Hmm. I love this Mango pie. It’s so delicious! Almost reminds me of home. Auntie Anna makes the best Brazilian food outside of Brazil ever! Too bad, I’m leaving. I’m not even sure if I want to go back to Bahia. Fernando will be waiting. I hope he won’t bring roses again.
I could still go back, back to Anna… stay here, but Brazil means home. And Germany, ohh… I don’t know. Ahh, yet another elevator. There are too many. How I hate them. Too tight, too stinky and I already feel exhausted. Okay. Maybe they should build bigger ones, this is an airport after all! There are three of us and I already feel trapped.

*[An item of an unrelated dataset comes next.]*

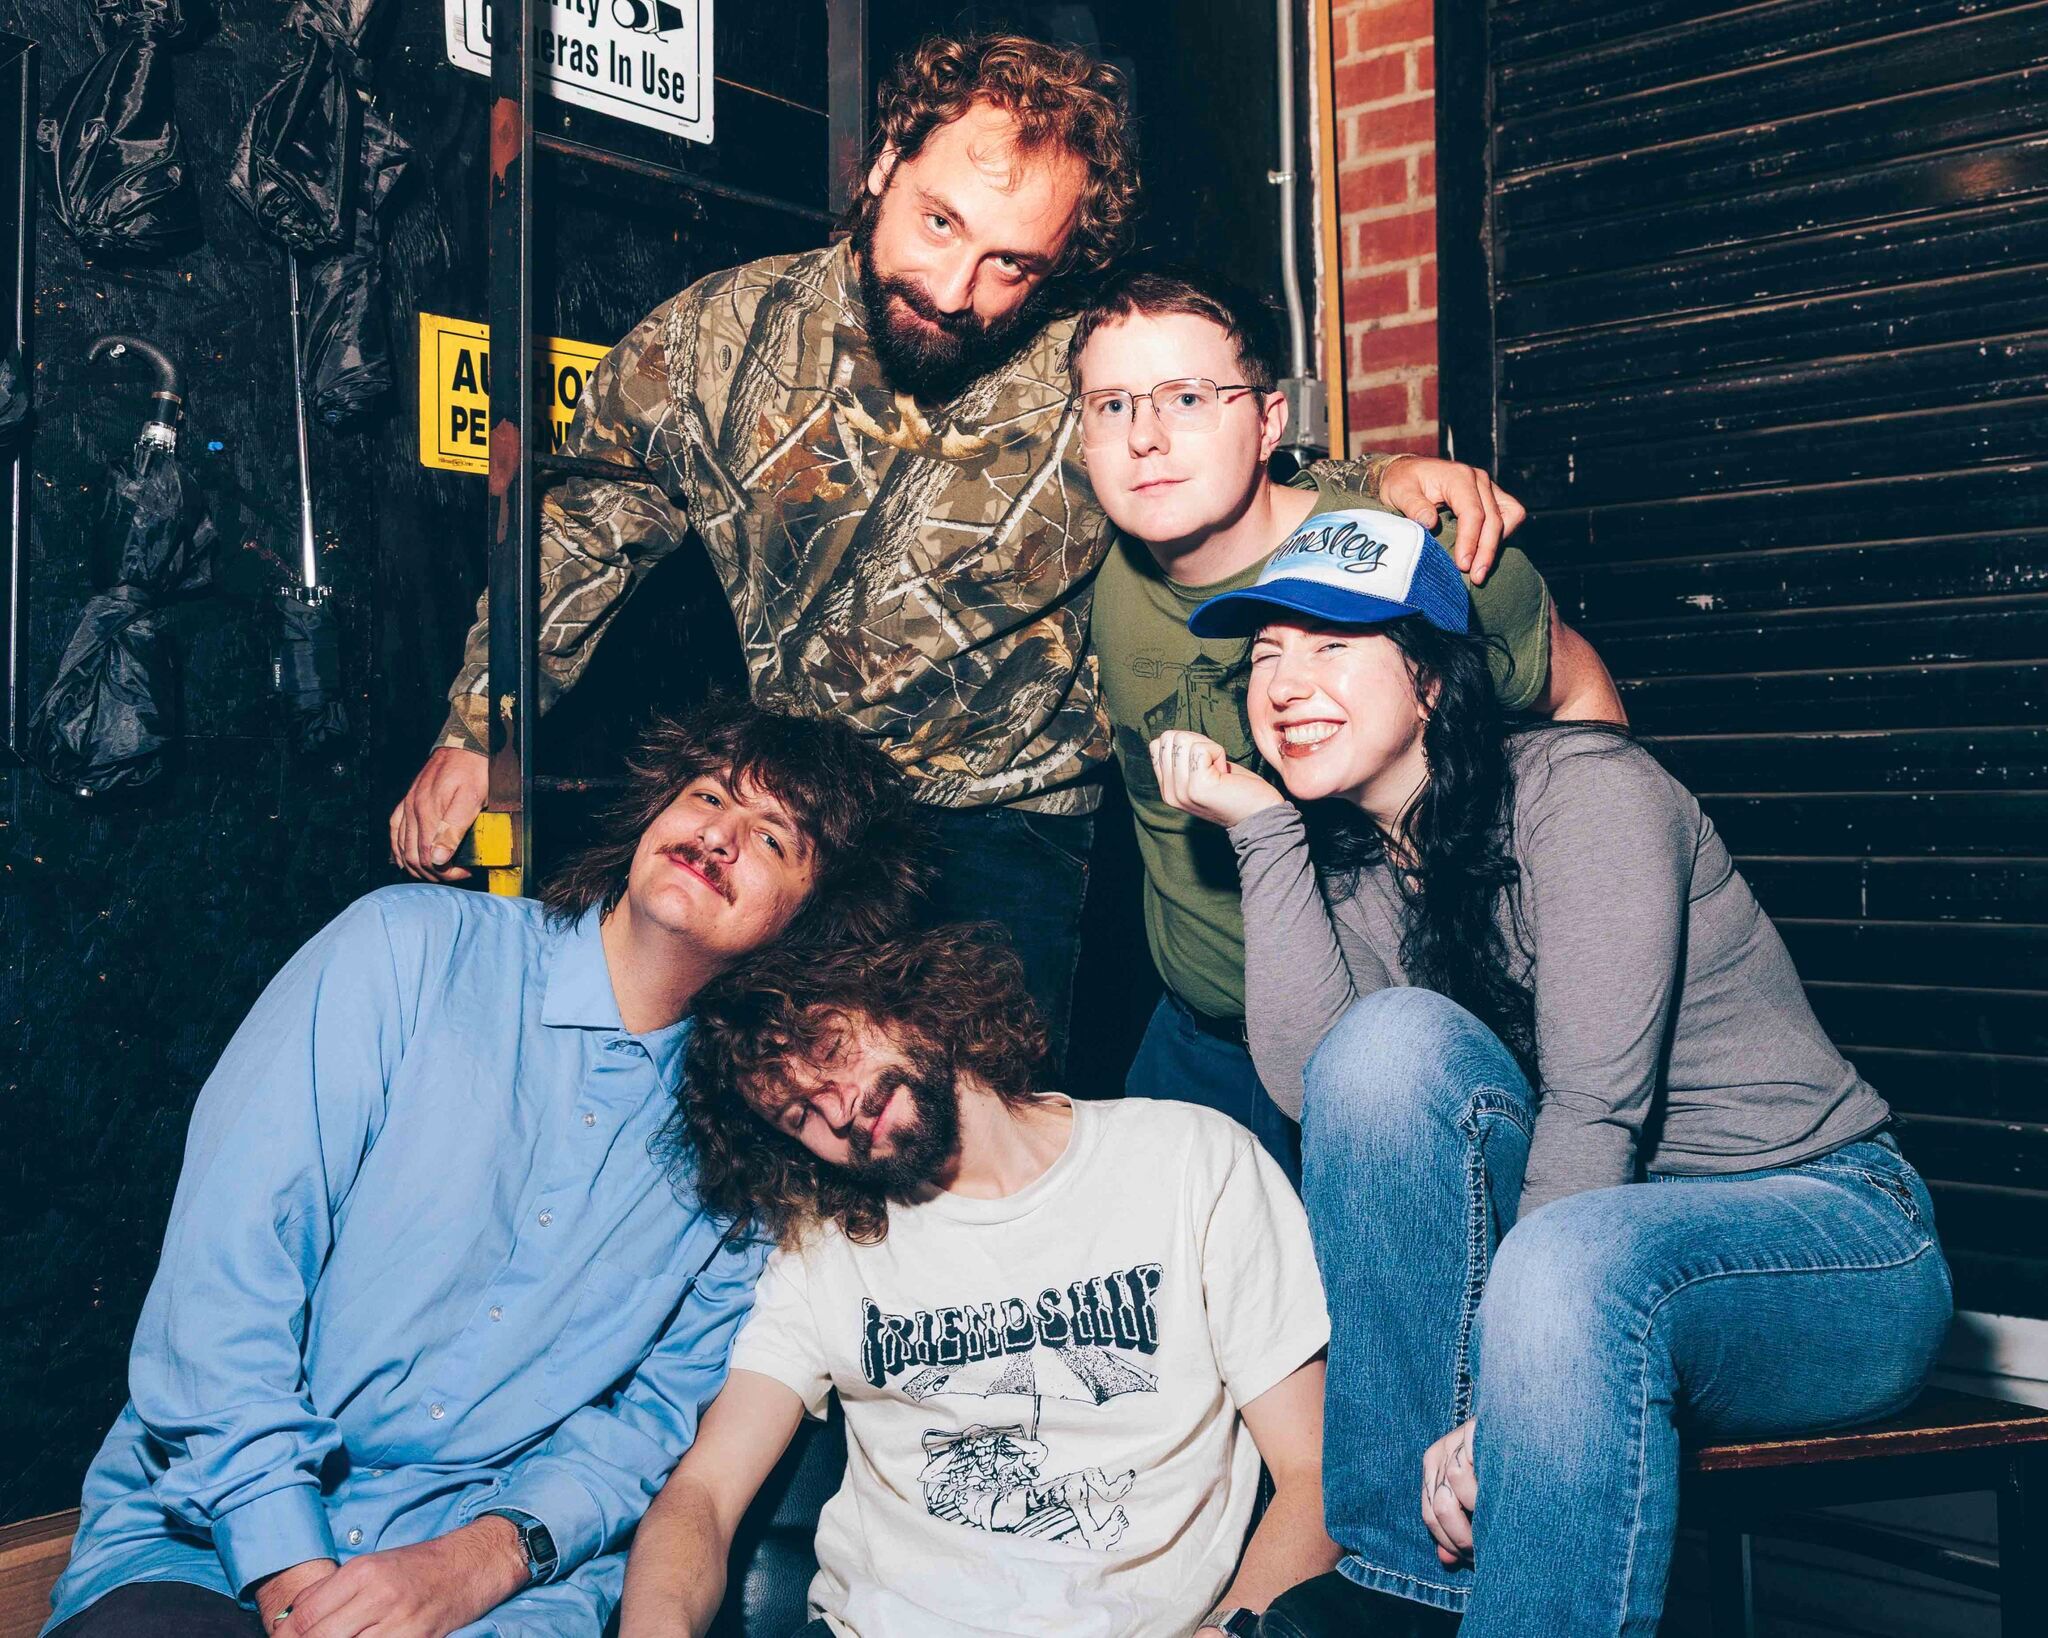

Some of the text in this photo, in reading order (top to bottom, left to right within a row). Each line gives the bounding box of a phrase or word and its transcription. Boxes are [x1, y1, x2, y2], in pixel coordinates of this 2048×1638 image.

[609, 39, 632, 89] In
[642, 49, 685, 104] Use
[861, 1262, 1164, 1388] FRIENDSHIP

Okay. Is it only my imagination, or did this elevator just stop?And what was that noise? Ahh, we are not stuck, this can’t be. Hey, guy over there, looking like he would know how to handle this…do something? Why won’t he do something?
I should relax. No, forget about it! We are trapped! I am pregnant! I need to go to the bathroom! My plane is leaving in thirty minutes! “Let me out, let me OUT!”, I scream, trying to fight back my tears.
There, there is a button with a bell on. Let’s push it. Nothing. I can’t believe this. Hello? Hello? Oh well. My legs hurt. I can’t stand anymore. I might as well sit down.
I don’t even have a tissue. How awful! Oh, the girl from the left corner offers me one. How nice. Now the tall man with the RayBan glasses comes over to me. “It will all be fine”, he says. Oh really? As if he had any idea what is going on. I am not even showing!
10.30pm. Fifteen minutes left until departure.’Suppose I won’t make it. Oh, well. I don’t want to be stuck! My plane! My PLANE! It’s hopeless. How can they stay so calm? It’s too tight, too stinky..too…Argh! Ouch, that hurt. Banging my fist against the buttons doesn’t help either.
Dude, could you take your hand off my back? “Excuse me, but I am pregnant. I cry a lot. I am from Brazil” I hear myself sobbing. “I’m meant to go to my boy…friend, well, technically I don’t want to.” The girl looks at me in shock, while the man keeps rubbing my back.
“I wish I loved Fernando, but I don’t know. I don’t. And what’s going to happen to the child if it has no parents that love each other?” I don’t even know why I am asking this. It’s none of their business. “My father was always gone”, the girl says. Oh, she looks sad. I know, girl, I know. I am meant to love Fernando, but I don’t. It’s just as tragic for me, believe it or not.
I wish, I wish , I wish I could love him. Maybe I am unable to love. Maybe the flattering comments and all the gifts don’t touch me anymore, because I heard them too often. What is love anyway? And what about my baby, will it love me? Will I ever come out of this elevator again?
“Joana”, the man says, and then the elevator goes up. The door seems to be open. I see a group of people coming towards us. Maybe they will also get some time to think. Maybe they also have families? Maybe they know what love is.